Por Aldo Civico - @acivico

En tiempos de crisis hay que acudir a los sabios. Para no dejarnos arrastrar por los reflejos más primitivos. Para encender una chispa de lucidez en la oscuridad. Para evitar imitar la mentalidad de quien odia y mata. Porque esa es la respuesta más fácil, casi automática. Pero, ¿no es esa misma lógica de venganza la que nos mantiene atrapados en un destino de odio y muerte? El atentado contra el senador Miguel Uribe Turbay no solo es un acto criminal que merece toda condena. Es también un síntoma. Un espejo. Nos fuerza a preguntarnos desde qué lugar estamos reaccionando como sociedad. ¿Desde la indignación lúcida o desde el resentimiento acumulado? ¿Desde la posibilidad de responder o desde la compulsión de repetir?

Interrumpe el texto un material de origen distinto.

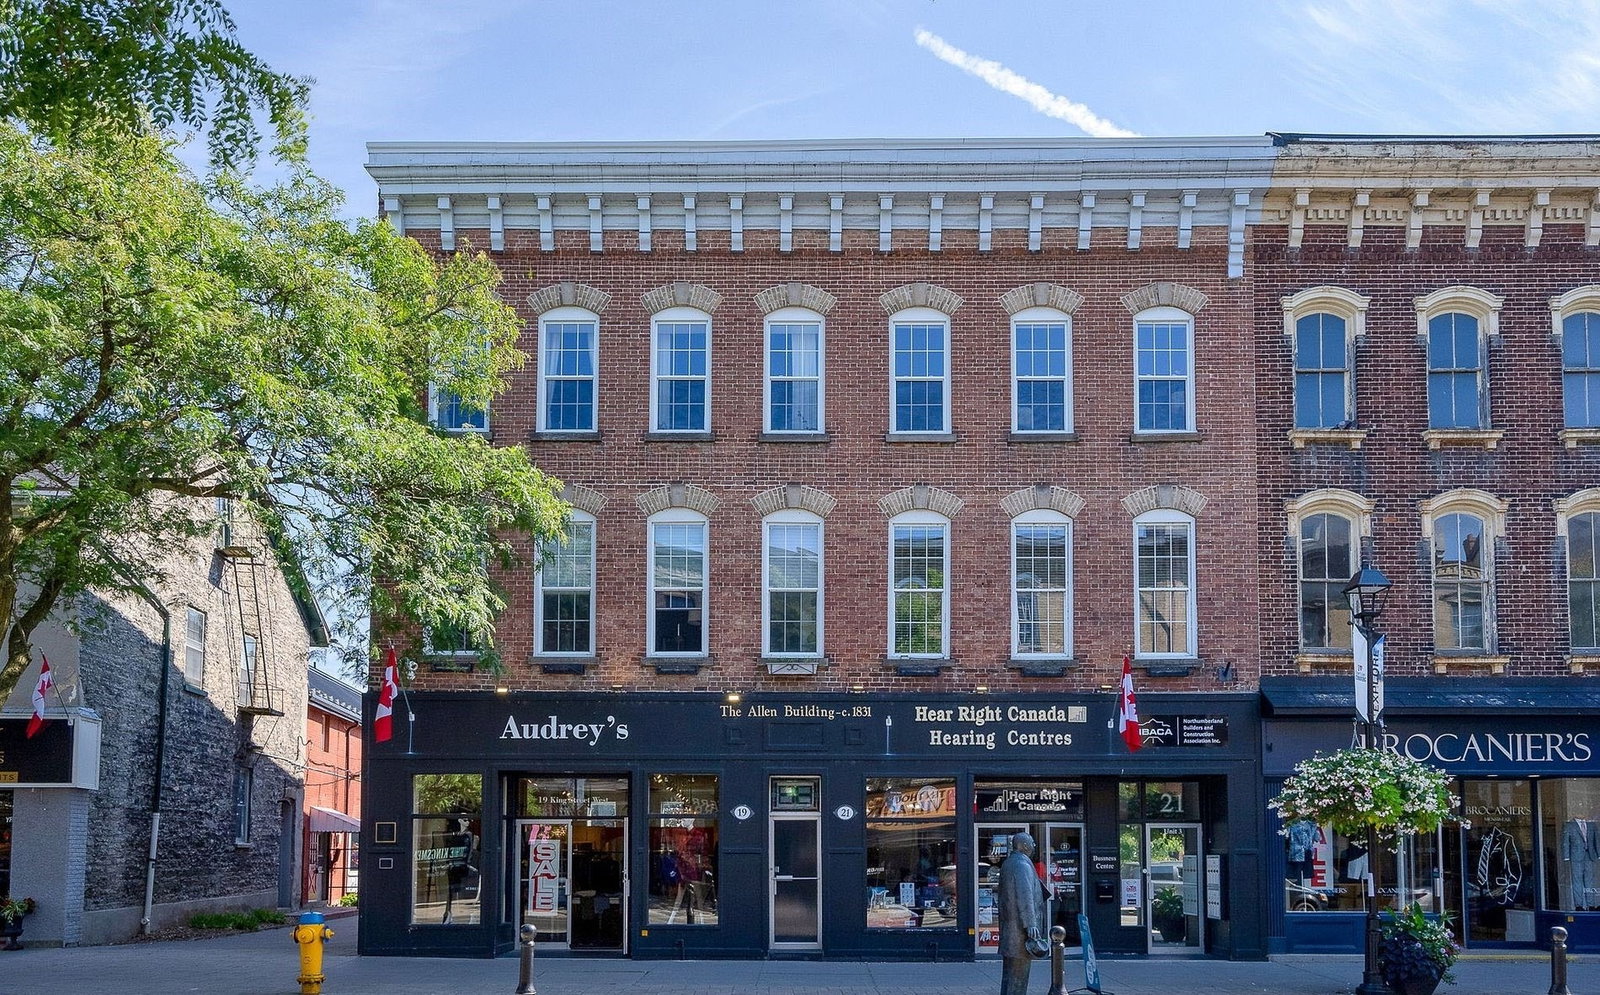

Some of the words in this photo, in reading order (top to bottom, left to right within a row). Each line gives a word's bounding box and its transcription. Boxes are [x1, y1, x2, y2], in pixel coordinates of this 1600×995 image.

[720, 705, 742, 717] The
[748, 705, 777, 717] Allen
[915, 706, 953, 722] Hear
[958, 706, 1002, 726] Right
[1007, 706, 1067, 722] Canada
[499, 715, 629, 746] Audrey's
[930, 730, 996, 750] Hearing
[1007, 730, 1072, 746] Centres
[538, 796, 548, 804] 19
[550, 796, 567, 805] King
[1009, 791, 1037, 800] Hear
[1040, 790, 1072, 801] Right
[1018, 802, 1063, 811] Canada
[1160, 793, 1184, 813] 21
[737, 807, 748, 817] 19
[841, 807, 850, 818] 21
[531, 842, 558, 912] SALE

Amos Oz, escritor israelí que conoció la violencia desde niño, decía que el fanatismo no es exclusivo de ideologías o religiones. Es una enfermedad del alma, una adicción a la certeza, una incapacidad de soportar al otro como otro. El fanático no escucha: sermonea. No dialoga: impone. No duda: sentencia. Ama tanto sus ideas que está dispuesto a matar por ellas, o a deshumanizar a quienes no las comparten. Lo inquietante, advertía Oz, es que todos —en algún rincón— albergamos un pequeño fanático. La pregunta es si lo educamos o le damos la palabra. Nietzsche, desde otro ángulo, también habló del fanático, aunque sin nombrarlo así. Lo llamó el resentido. El que no puede afirmarse y por eso vive a la sombra del otro. El que convierte su dolor en superioridad moral. El que necesita enemigos para sentirse fuerte. El resentido no transforma, reacciona. No crea, repite. En su afán de justicia, termina siendo el espejo del mal que odia. Y cuando accede al poder, se vuelve peligroso: justifica cualquier cosa en nombre del agravio.

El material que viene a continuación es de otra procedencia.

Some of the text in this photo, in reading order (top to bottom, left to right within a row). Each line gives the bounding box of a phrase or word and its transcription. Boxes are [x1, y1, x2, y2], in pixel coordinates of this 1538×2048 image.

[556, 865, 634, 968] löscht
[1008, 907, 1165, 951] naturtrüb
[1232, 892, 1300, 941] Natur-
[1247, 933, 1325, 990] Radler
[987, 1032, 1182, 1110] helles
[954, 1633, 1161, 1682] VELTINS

Colombia conoce esa lógica. La ha vivido, encarnado y heredado. Décadas de conflicto han entrenado a los colombianos en la desconfianza, la sospecha y la respuesta visceral. Pero si de verdad queremos interrumpir este ciclo, no basta con condenar la violencia. Hay que preguntarse cómo desmontamos los relatos, los discursos y las emociones que la alimentan. Qué estamos normalizando en nuestros lenguajes, en nuestras redes, en nuestros gestos cotidianos. Fanático no es solo quien pone una bomba o dispara una bala. Es también quien reduce al otro a una caricatura. Quien convierte sus creencias en trincheras. Quien cancela en vez de dialogar. Quien cree que la única forma de existir es vencer al otro.

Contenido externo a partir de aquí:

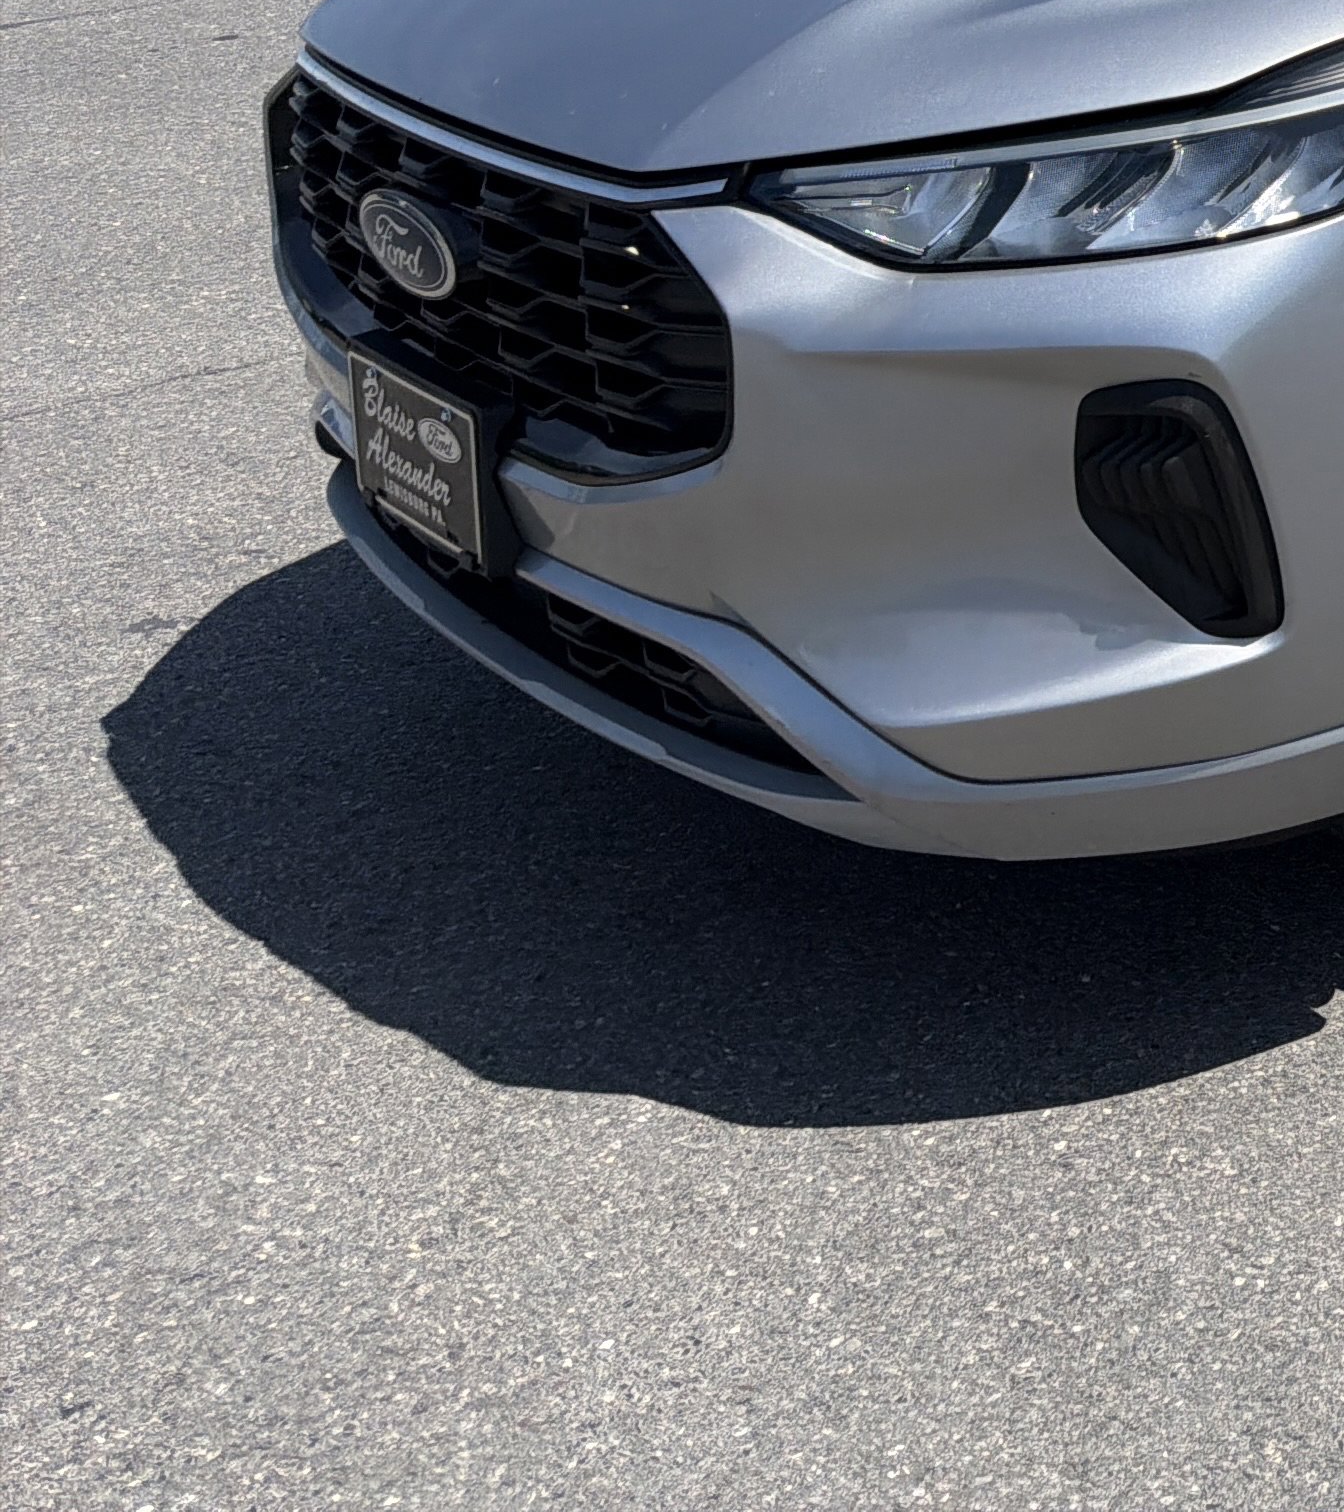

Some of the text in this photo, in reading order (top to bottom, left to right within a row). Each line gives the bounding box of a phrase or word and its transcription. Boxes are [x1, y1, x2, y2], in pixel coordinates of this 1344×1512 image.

[373, 214, 423, 278] Ford
[362, 374, 416, 441] Blaise
[366, 427, 451, 506] Alexander
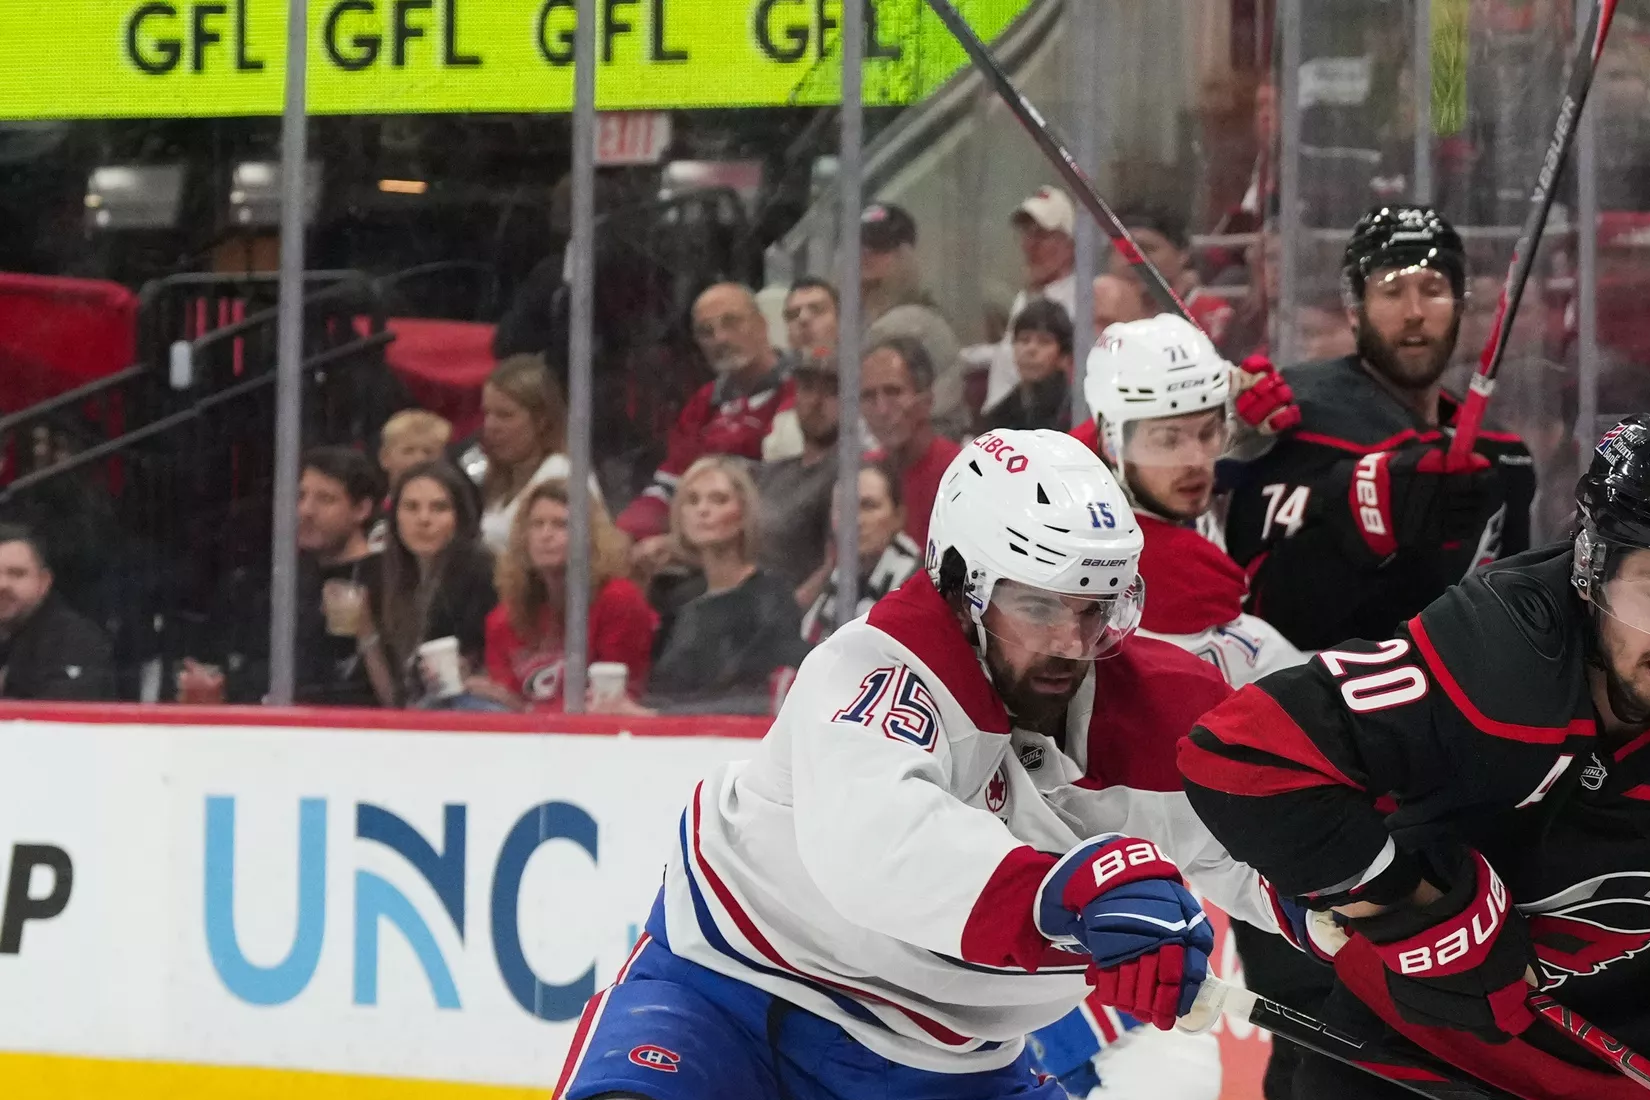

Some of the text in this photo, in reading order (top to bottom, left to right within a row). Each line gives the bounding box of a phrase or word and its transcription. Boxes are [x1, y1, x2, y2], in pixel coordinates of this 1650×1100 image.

[128, 0, 901, 75] GFL GFL GFL GFL
[1163, 344, 1189, 363] 71
[1087, 502, 1116, 529] 15
[1261, 483, 1310, 540] 74
[831, 664, 939, 753] 15
[1319, 638, 1429, 714] 20
[1020, 751, 1043, 768] NHL
[1583, 767, 1602, 777] NHL
[204, 795, 600, 1023] UNC
[1398, 854, 1507, 974] BAUE

Nietzsche escribió: quien lucha demasiado tiempo contra monstruos corre el riesgo de volverse uno. Esa es la verdadera trampa: que el horror nos convierta en reflejo de lo que detestamos. Que la respuesta no sea transformación, sino réplica. Lo contrario al fanatismo no es la indiferencia: es la imaginación moral — como escribe John Paul Lederach. Es la capacidad de ver al otro como legítimo, incluso cuando nos duele lo que dice. Es atreverse a crear nuevas formas de convivir sin necesidad de destruir. Hay momentos donde una sociedad debe elegir entre seguir alimentando su resentimiento o recordar su humanidad. Este, quizá, es uno de ellos.